29 September 2010

Is explaining variation in height a tall order?

Number of genetic variants associated with height shoots up to 180

Cumulative number of susceptibility loci expected to be discovered. The projection includes those loci that have already been identified and others as yet undetected, by the expected percentage of variation explained and sample size required. The dotted red line corresponds to expected phenotypic variance explained by the 110 loci that reached genome-wide significance, were replicated, and had at least 1% power.

Cumulative number of susceptibility loci expected to be discovered. The projection includes those loci that have already been identified and others as yet undetected, by the expected percentage of variation explained and sample size required. The dotted red line corresponds to expected phenotypic variance explained by the 110 loci that reached genome-wide significance, were replicated, and had at least 1% power.


Hundreds of common genetic variants across the human genome influence adult height, according to a study of over 180,000 individuals published today in the journal Nature. The study itself identifies over a hundred new variants and shows that they are not randomly-distributed, but are clustered around genes which have been previously linked to growth.

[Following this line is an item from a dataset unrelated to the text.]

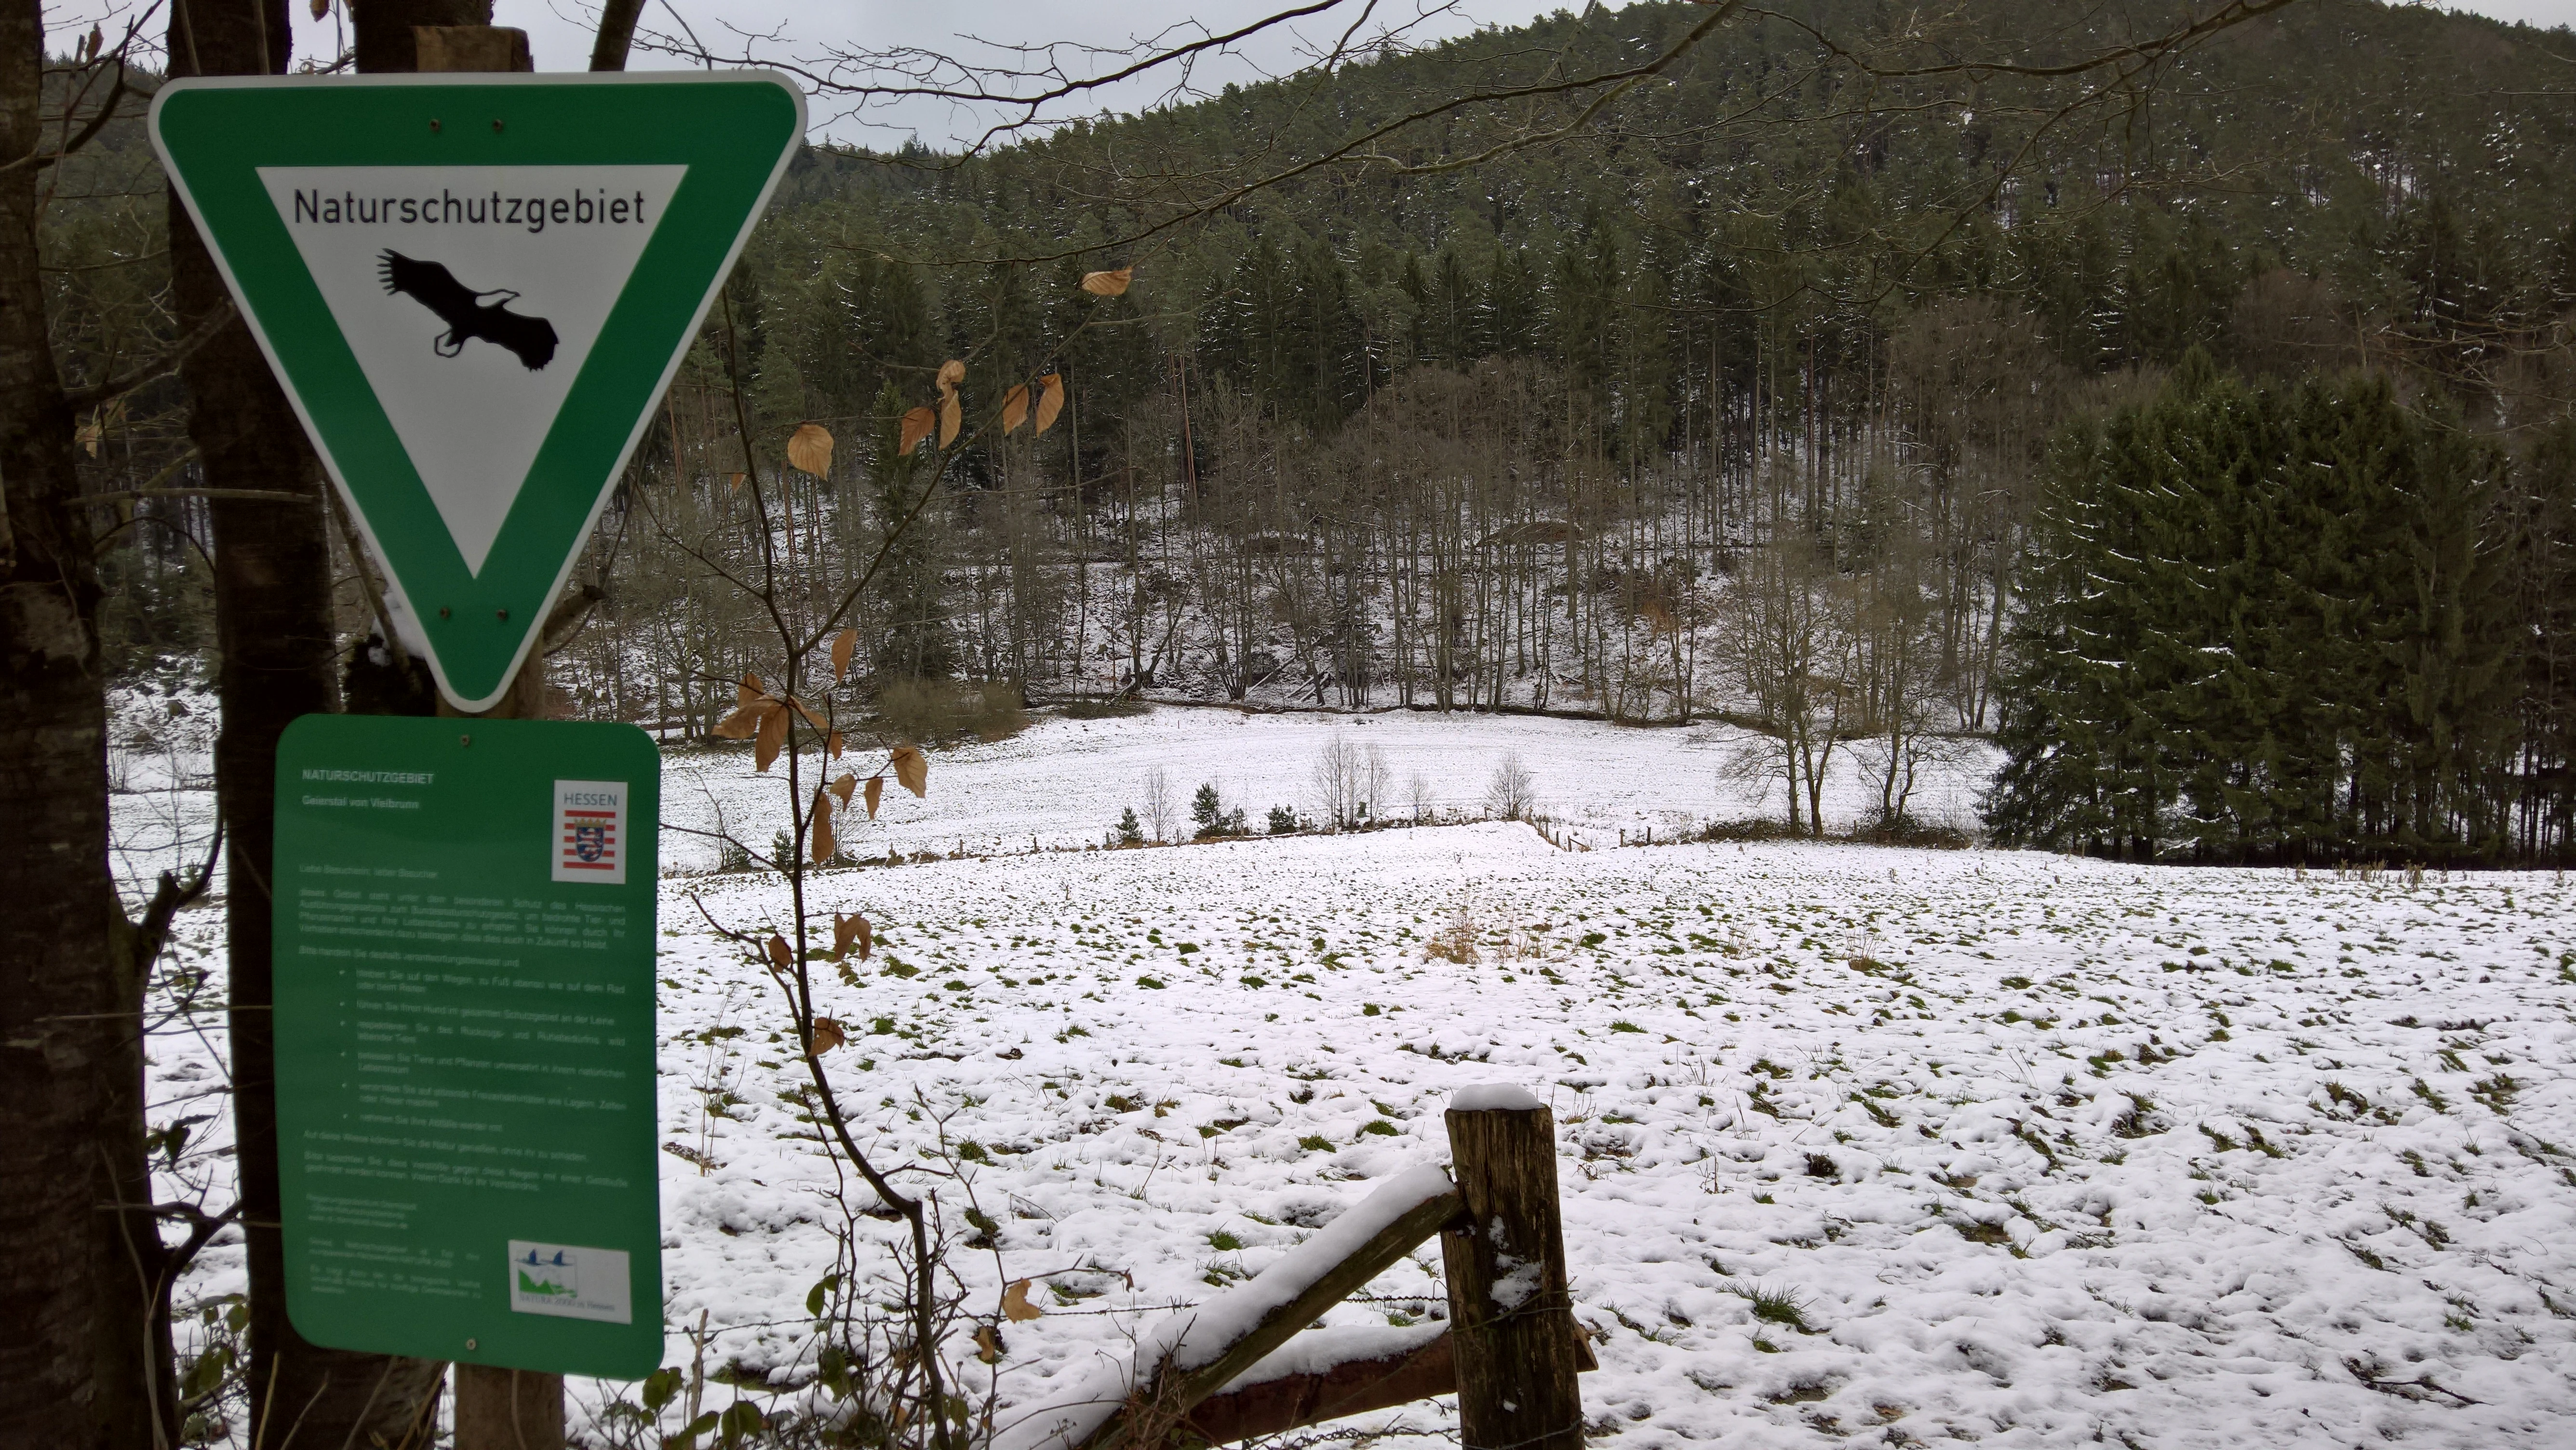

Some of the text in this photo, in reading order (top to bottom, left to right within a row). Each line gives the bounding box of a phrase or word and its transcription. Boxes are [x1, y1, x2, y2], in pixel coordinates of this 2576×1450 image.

[294, 188, 645, 233] Naturschutzgebiet
[302, 769, 434, 784] NATURSCHUTZGEBIET
[564, 793, 618, 807] HESSEN

Scientists have now identified a total of 180 genetic variants which influence height, yet today's study, which includes funding from the Wellcome Trust, still only accounts for around ten per cent of our inherited variation in height, highlighting the challenging nature of unravelling the genetics of height.

Height is a classic 'complex trait' - in other words a trait that is influenced by a number of different genes and the environment. Over 80 per cent of the variation within a given population is estimated to be attributable to genetic factors; the remainder is influenced by a person's environment, such as their diet.

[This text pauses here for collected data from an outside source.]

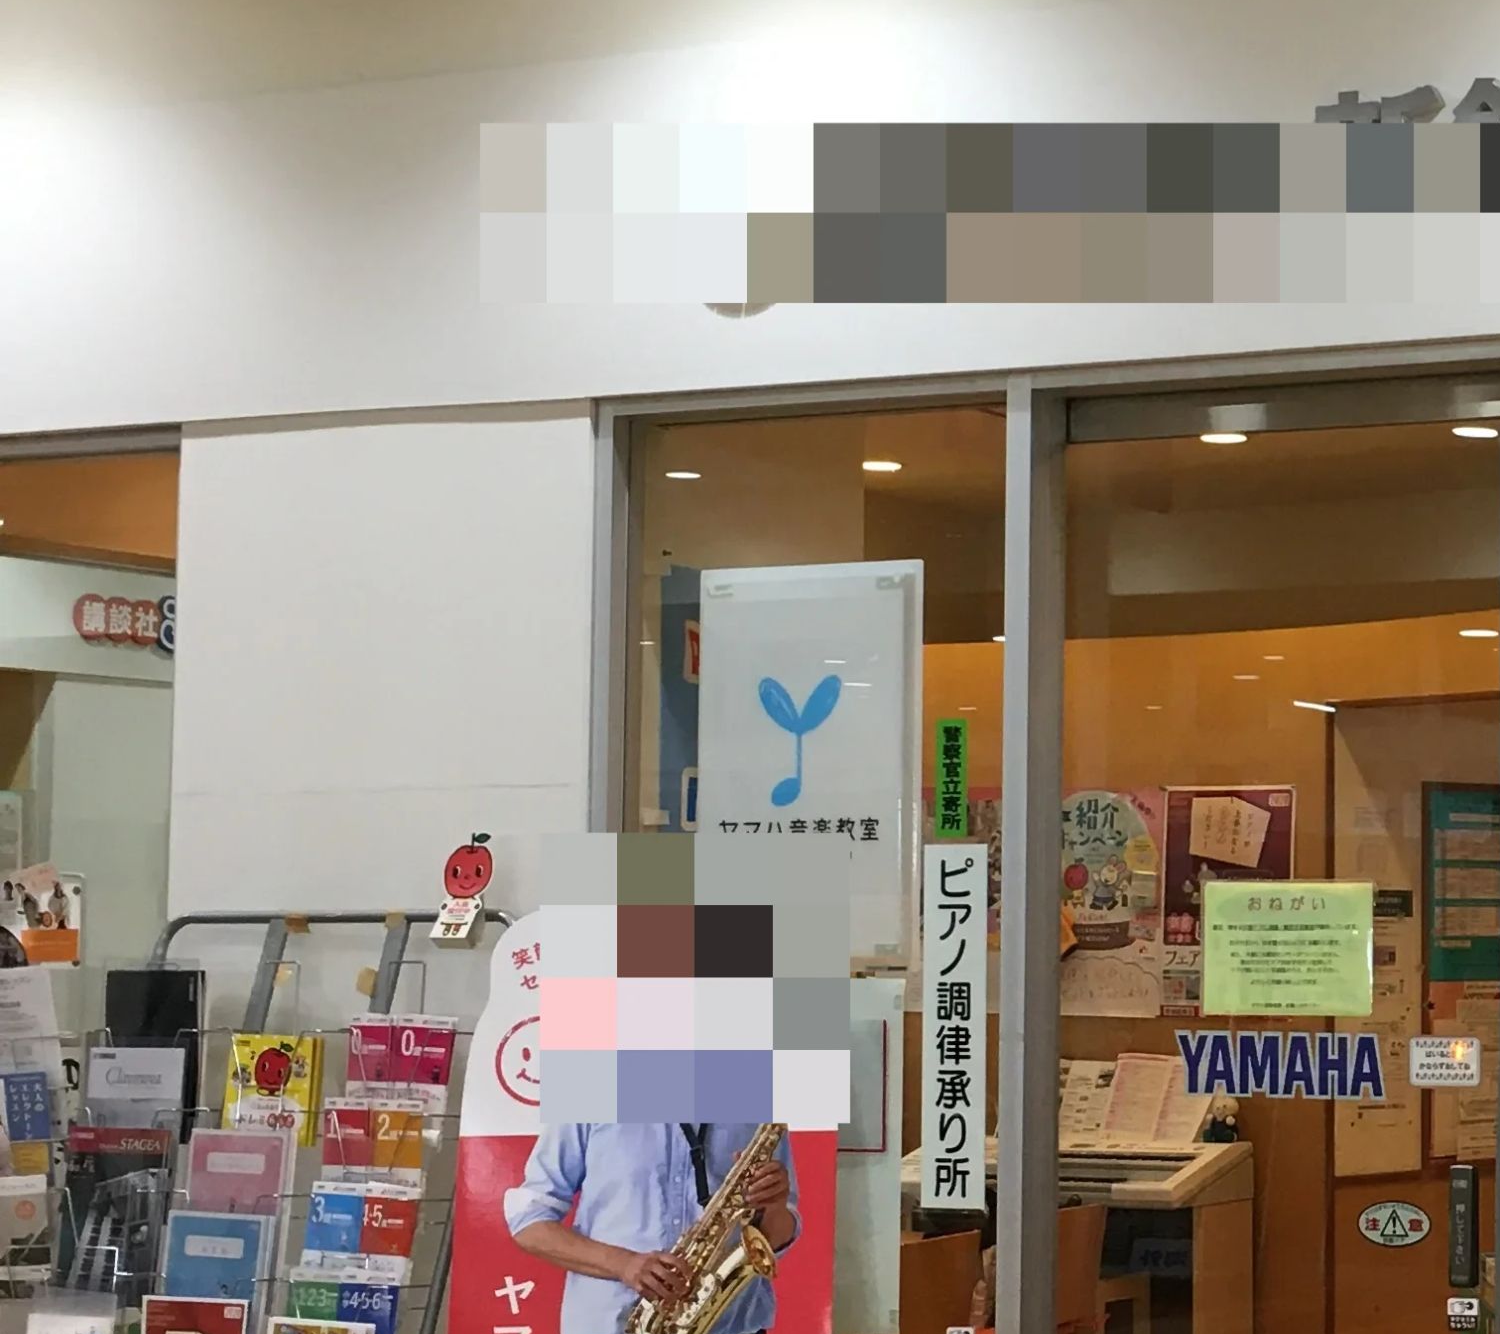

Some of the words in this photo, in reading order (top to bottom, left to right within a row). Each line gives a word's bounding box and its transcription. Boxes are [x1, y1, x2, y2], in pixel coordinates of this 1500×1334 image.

[82, 600, 158, 638] 講談社
[941, 725, 962, 830] 警察官立寄所
[1246, 895, 1326, 911] おねがい
[934, 858, 973, 1199] ピアノ調律承り所
[1176, 1031, 1386, 1099] YAMAHA

For this new study, almost three hundred researchers from over a hundred institutions across the globe - part of the appropriately-named GIANT Consortium* - analysed data from the DNA samples of over 180,000 individuals looking for genetic variants known as SNPs (pronounced 'snips').

The human genome is made up of more than three billion sub-units of DNA, called nucleotides. A substantial part of the variation in DNA sequence between individuals is due to differences in individual nucleotides. These differences are known as single nucleotide polymorphisms - SNPs. Genome-wide association studies scan the genome looking for SNPs that are common in particular populations - for example, in patients with a particular disease.

"Finding these SNPs, these genetic signposts for human height, is a colossal challenge answerable only by large-scale collaboration and resource and data sharing," says Dr Nicole Soranzo, from the Wellcome Trust Sanger Institute and an author on the paper. "And, of course, the genetic pathways behind complex traits like human height do not stand in isolation. It is by comparing genetic markers for height with markers for other human traits that we can begin to understand the fabric of human disease on a much larger scale.

"Genome-wide association studies are empowering us to do just that."

Researchers from the GIANT Consortium, including teams from the UK, USA, Iceland and the Netherlands, identified SNPs associated with height in adults in 180 regions of the genome (known as 'loci'); over a hundred of these regions were identified for the first time.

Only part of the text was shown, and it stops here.